People need to start rewriting their own stories, she says, telling themselves – preferably out loud – that they are safe and are going to sleep well all night.

“Start changing what’s happening in your body by changing what’s happening in your mind. If you speak positively instead of discussing your fears you will change your thought process and create a more calm state.

“This isn’t airy-fairy stuff – it’s neuro-science, the science of the brain.”

Food for moods

Food also plays an important role in shaping mood. People who are not sleeping well are likely to feel unusually hungry because they are producing less leptin, an appetite suppressing hormone that is released during sleep. Choosing the right foods to satisfy this hunger is especially important, however, because levels of serotonin, the so-called happy hormone, also fall when sleep is disturbed. Foods that will boost serotonin levels include leafy green vegetables, cocoa, cashew nuts and goji berries.

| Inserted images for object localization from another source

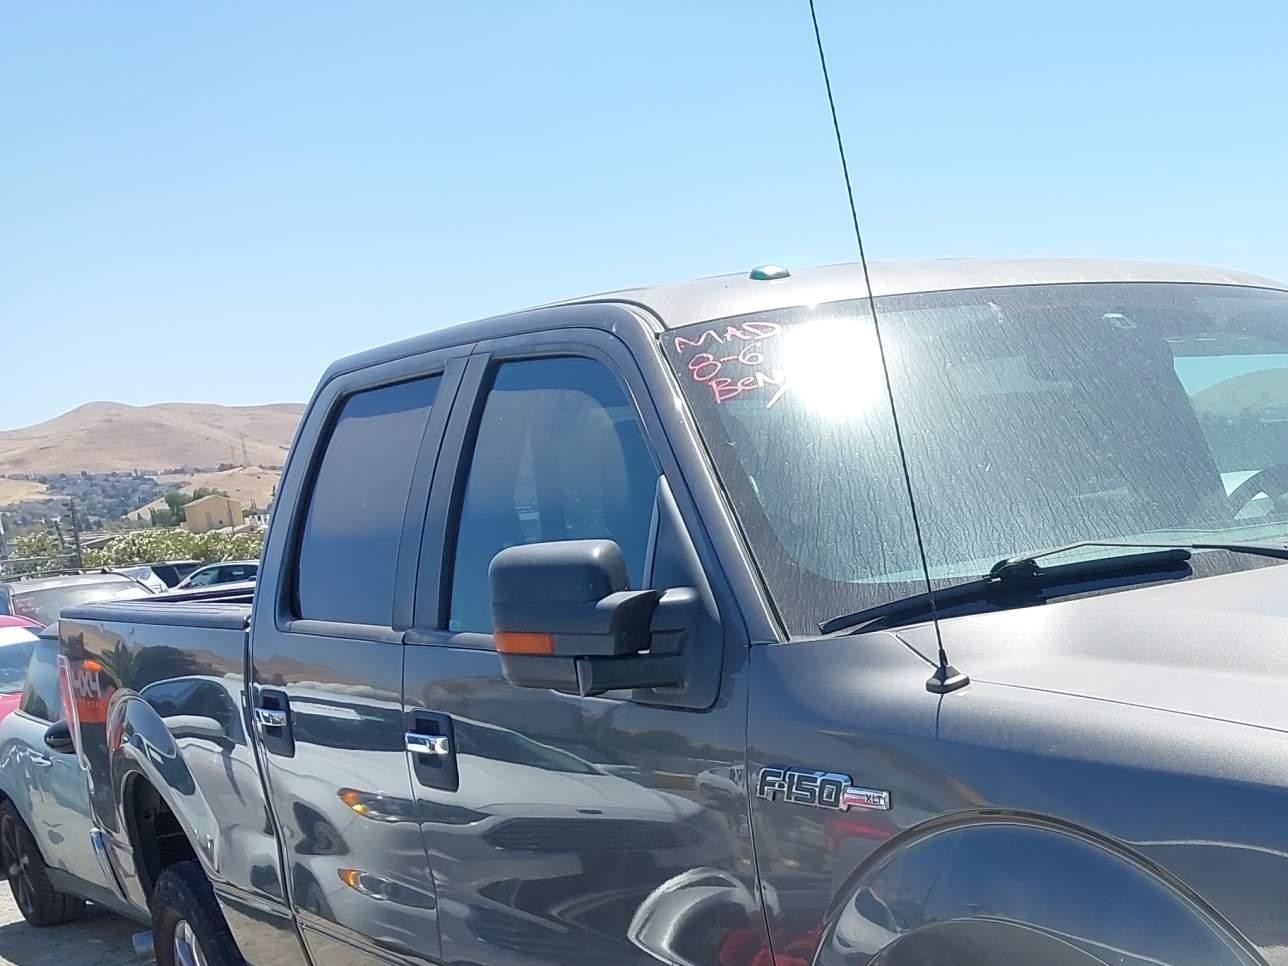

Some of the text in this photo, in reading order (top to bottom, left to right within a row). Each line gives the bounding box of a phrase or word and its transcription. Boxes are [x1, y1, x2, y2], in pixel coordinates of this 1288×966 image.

[673, 321, 782, 354] MAD
[688, 342, 764, 382] 8-6
[756, 767, 849, 811] F-150
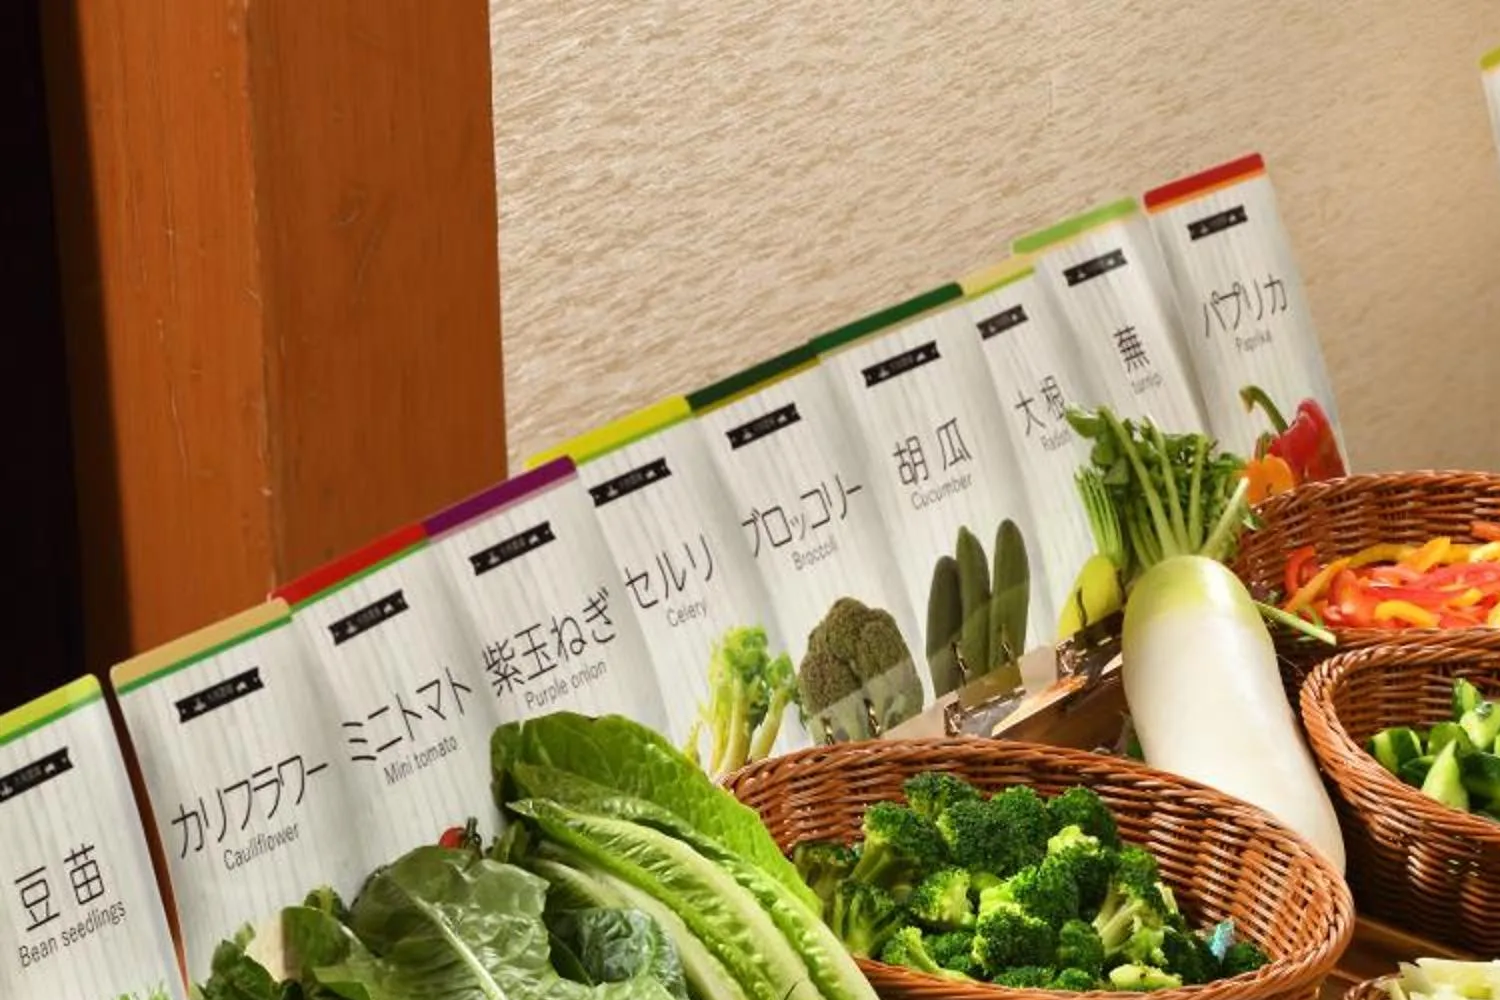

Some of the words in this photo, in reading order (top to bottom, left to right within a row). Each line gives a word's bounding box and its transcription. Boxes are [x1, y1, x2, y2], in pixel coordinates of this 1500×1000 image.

[1203, 274, 1288, 338] パプリカ
[1113, 325, 1150, 373] 蕪
[1015, 375, 1066, 436] 大根
[892, 417, 973, 486] 胡瓜
[741, 473, 863, 558] ブロッコリー
[910, 473, 973, 510] Cucumber
[625, 533, 713, 609] セルリ
[482, 586, 617, 697] 紫玉ねぎ
[666, 602, 708, 628] Celery
[341, 666, 473, 762] ミニトマト
[523, 678, 569, 710] Purple
[570, 658, 608, 688] onion
[382, 760, 413, 786] Mini
[412, 736, 460, 770] tomato
[171, 754, 328, 860] カリフラワー
[223, 823, 299, 871] Cauliflower
[14, 843, 106, 932] 豆苗
[18, 935, 58, 968] Bean
[61, 901, 127, 948] seedlings
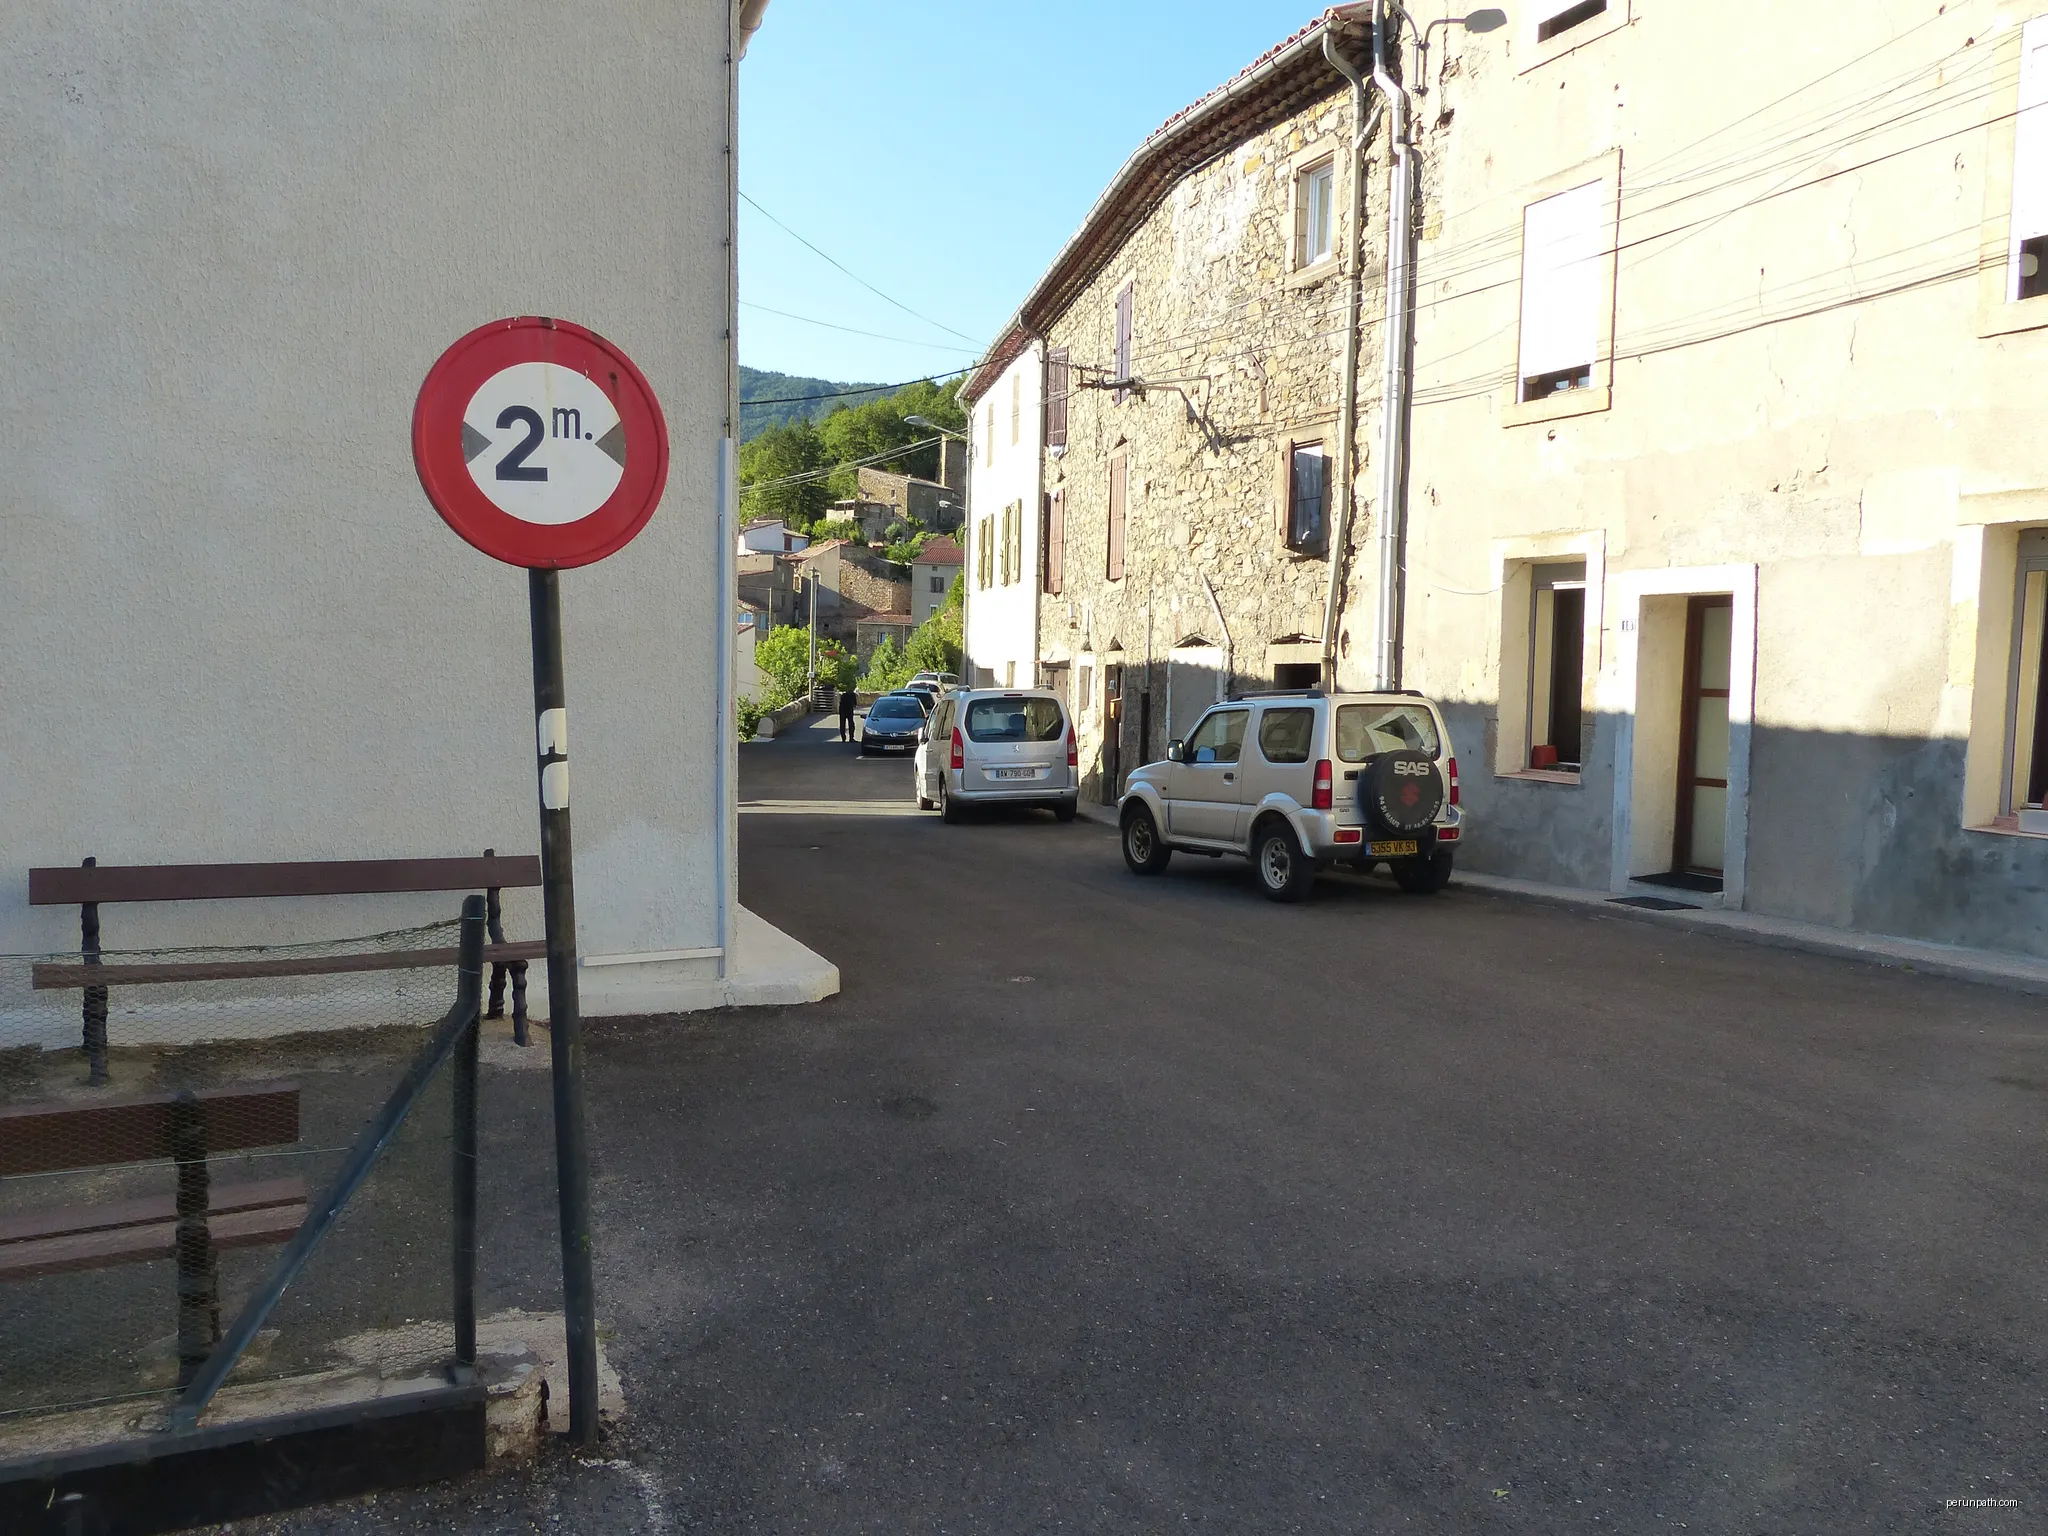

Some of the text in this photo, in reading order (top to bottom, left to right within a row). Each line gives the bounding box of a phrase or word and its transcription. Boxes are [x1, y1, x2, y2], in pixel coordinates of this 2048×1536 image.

“You want foods that are high in tryptophan. Raw foods are good too – don’t cook the life out of your food.”

Polychronopoulos is concerned that Christchurch doctors may be prescribing sleeping pills, antidepressants and anti-anxiety medication – all of which impact adversely on sleep patterns – without considering the alternatives.

“It’s important to look at the way we eat, the way we move our bodies, the way we think, and the way we sleep.

“Do that first and, if necessary, then look at prescription medication. There will be situations where it is required, but please don’t make it the first option.”